"Flip the Funding" to Save Jobs, Services, and Education!

FOR IMMEDIATE RELEASE: January 21, 2011

CONTACT: Margaret Viggiani, 206-722-6057 (office) or 206-883-3053 (cell)

SISTERS ORGANIZE FOR SURVIVAL (SOS) ANNOUNCES CAMPAIGN TO
“FLIP THE FUNDING” TO BALANCE THE BUDGET

As politicians in Olympia strive to balance an “all-cuts” budget, Sisters Organize for Survival (SOS), a campaign of Radical Women, kicks off a joint labor and community based campaign to Flip the Funding to balance the budget. Flip the Funding refers to a shift in the way funds are garnered and spent.

The campaign is a direct response to the governor’s proposals to balance the budget by raising tuition and reducing funds for Basic Health, food stamps, childcare assistance and other programs. “We are concerned about the across-the-board cuts to safety net programs that are included in the governor’s budget proposal,” says social service advocate, Annaliza Torres. “People who rely upon health care, workforce training programs, or general assistance are going to be severely impacted at a time when there is so much need and so many unemployed.”

Organizers of the drive say it’s possible to preserve social services, health care and education by addressing where the state gets revenue and how it spends it. A brochure they have produced, Flip the Funding, states, “Helping the poor creates jobs. …Workers’ wages and aid to the needy are recycled directly back in to the economy to pay for groceries, transportation, rents and mortgages.”

SOS Coordinator Gina Petry comments, “There are many ways to increase revenue, such as taxing the windfall profits of oil companies, ending business exemptions, and suspending interest payments on state loans.” Working mom Waheeda Francis declares, “The government’s job is to help people live, not increase profits for a handful of big corporations.”

Flip the Funding campaigners assert that cutting wages and benefits for public employees is also unnecessary. Bernadette Logue, a University of Washington staffer says, “I’m tired of having the media and politicians blame me and my co-workers for the budget mess. State legislators gave Microsoft a $100 million a year tax break and our jobs get cut – it’s crazy!”
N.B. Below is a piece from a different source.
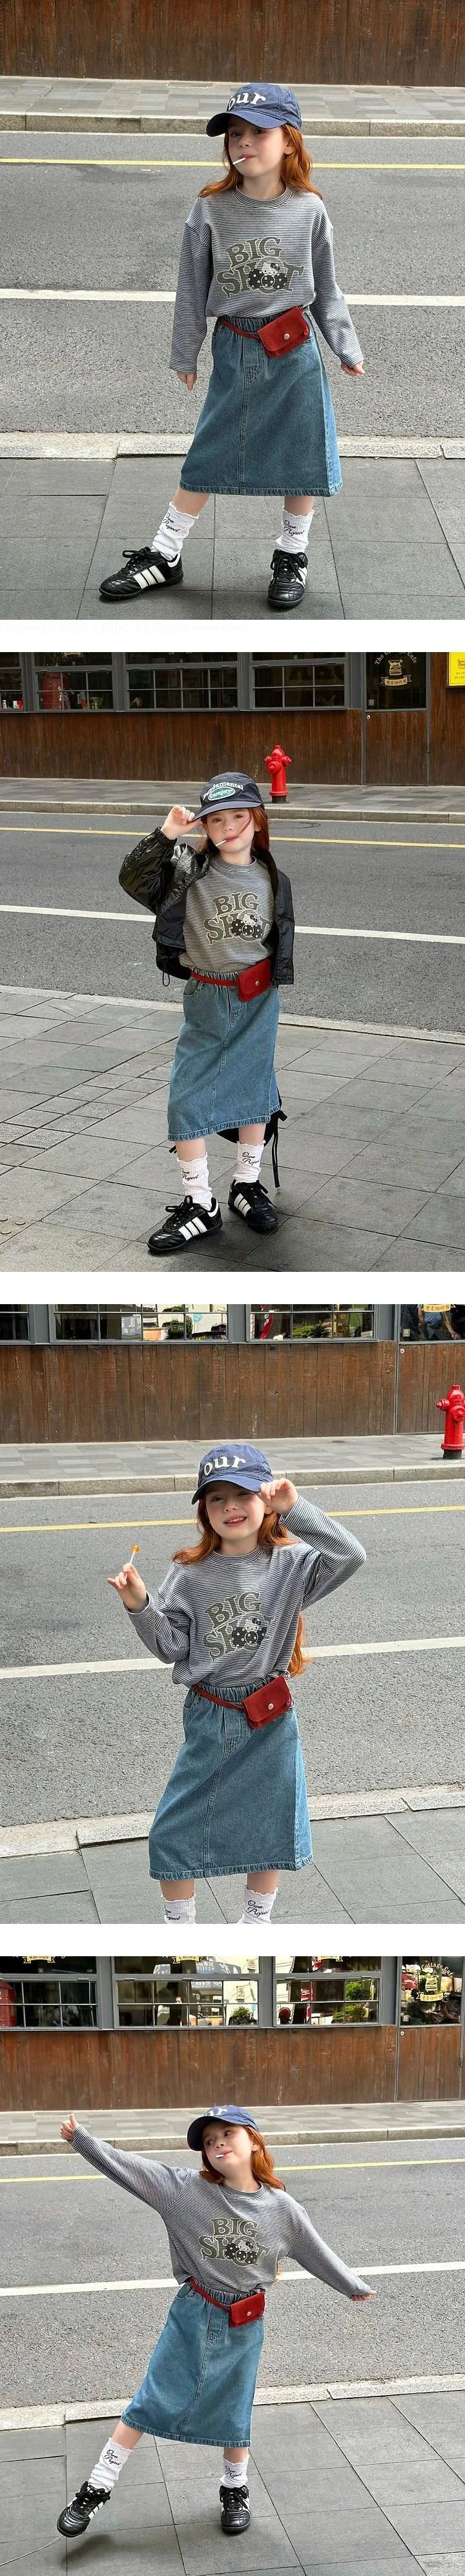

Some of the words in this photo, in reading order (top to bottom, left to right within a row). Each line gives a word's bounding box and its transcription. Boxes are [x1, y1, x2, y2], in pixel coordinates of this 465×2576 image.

As part of the campaign, SOS has initiated a petition drive to “Unite to save jobs and services.” The appeal requests that union leaders mobilize a massive labor and community rally against budget cuts in Olympia on President’s Day, Monday, Feb. 21, 2011. The rally would call on legislators to tax the profits of huge companies and end the billions of dollars of corporate tax giveaways; petition Congress to end the Iraq and Afghanistan wars and return billions of tax dollars to Washington state; and use the money to restore funding for health care, education, social services, job programs and other crucial government services. To date, over 1,000 signatures have been gathered.

Steve Hoffman, a signature gatherer and shop steward for Washington Federation of State Employees, believes joint action is required: “Every union and progressive community group goes down and lobbies for its own needs. We end up fighting each other for crumbs. This strategy is a dead end. We need to stand together – arm in arm – an injury to one must be seen as an injury to all!”

SOS intends to keep the pressure on to save jobs and services throughout the legislative session.

SOS is a community grassroots campaign and meetings are open to all. Organizing meetings are on second and fourth Thursdays, 7pm at New Freeway Hall, 5018 Rainier Ave. S., Seattle. The next meeting is Thursday, Jan. 27.